(The input)
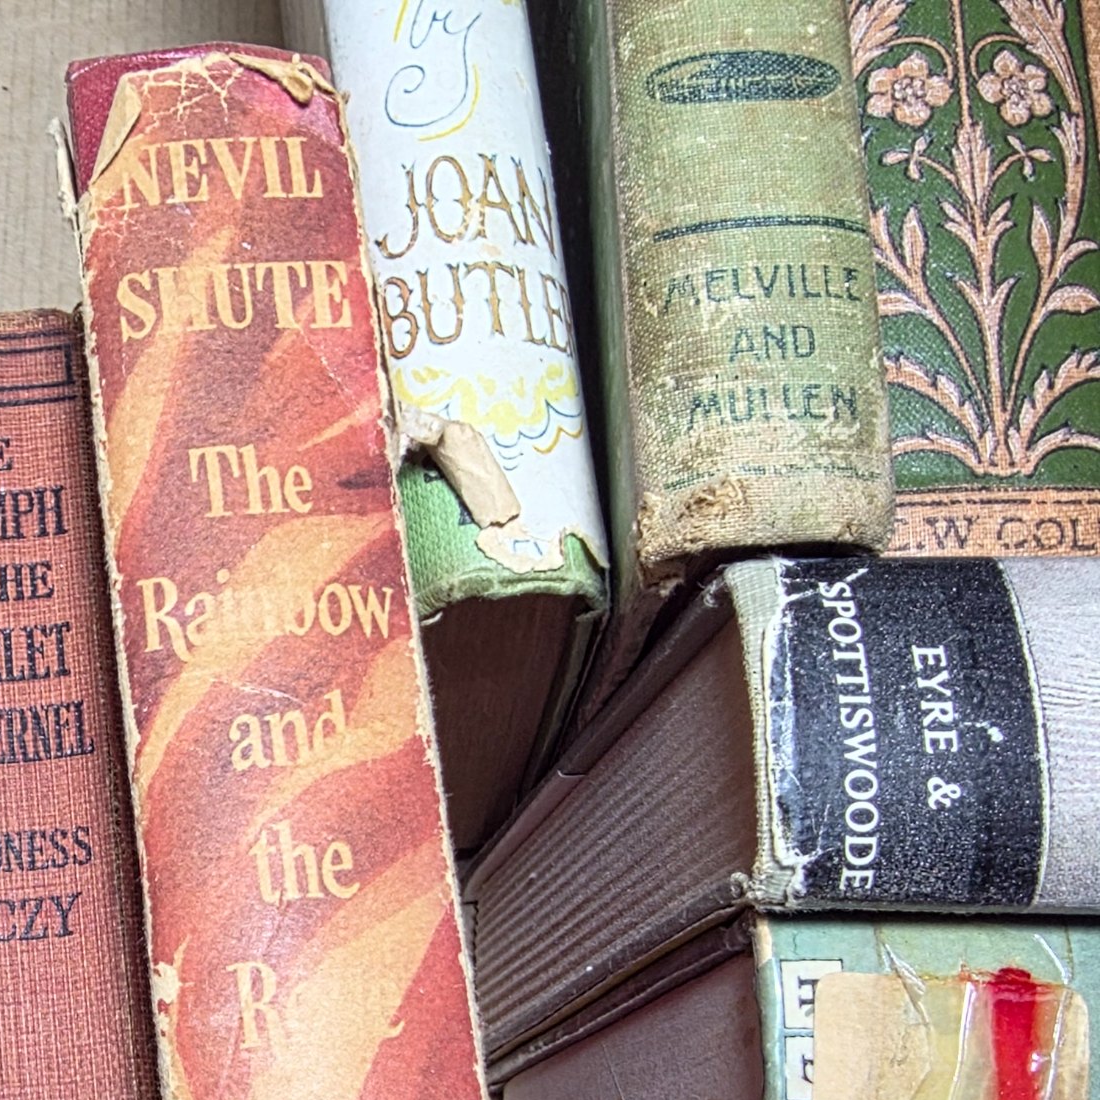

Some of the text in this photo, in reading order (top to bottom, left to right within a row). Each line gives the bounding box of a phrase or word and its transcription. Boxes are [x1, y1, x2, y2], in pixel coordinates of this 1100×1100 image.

[116, 134, 324, 212] NEVIL
[374, 152, 556, 260] JOAN
[116, 259, 353, 343] SHUTE
[662, 262, 863, 318] MELVILLE
[727, 323, 816, 363] AND
[686, 380, 862, 433] MULLEN
[188, 443, 315, 519] The
[996, 514, 1100, 553] COL
[135, 567, 395, 664] Rabow
[228, 689, 351, 772] and
[818, 578, 880, 891] SPOTTISWOODE
[911, 644, 963, 810] EYRE &
[247, 820, 362, 908] the
(End The input)
> [What you are asked to do] Pictures aside, give the data again exactly as it appears.

> [Response area]
Some of the text in this photo, in reading order (top to bottom, left to right within a row). Each line gives the bounding box of a phrase or word and its transcription. Boxes are [x1, y1, x2, y2], in pixel coordinates of this 1100×1100 image.

[116, 134, 324, 212] NEVIL
[374, 152, 556, 260] JOAN
[116, 259, 353, 343] SHUTE
[662, 262, 863, 318] MELVILLE
[727, 323, 816, 363] AND
[686, 380, 862, 433] MULLEN
[188, 443, 315, 519] The
[996, 514, 1100, 553] COL
[135, 567, 395, 664] Rabow
[228, 689, 351, 772] and
[818, 578, 880, 891] SPOTTISWOODE
[911, 644, 963, 810] EYRE &
[247, 820, 362, 908] the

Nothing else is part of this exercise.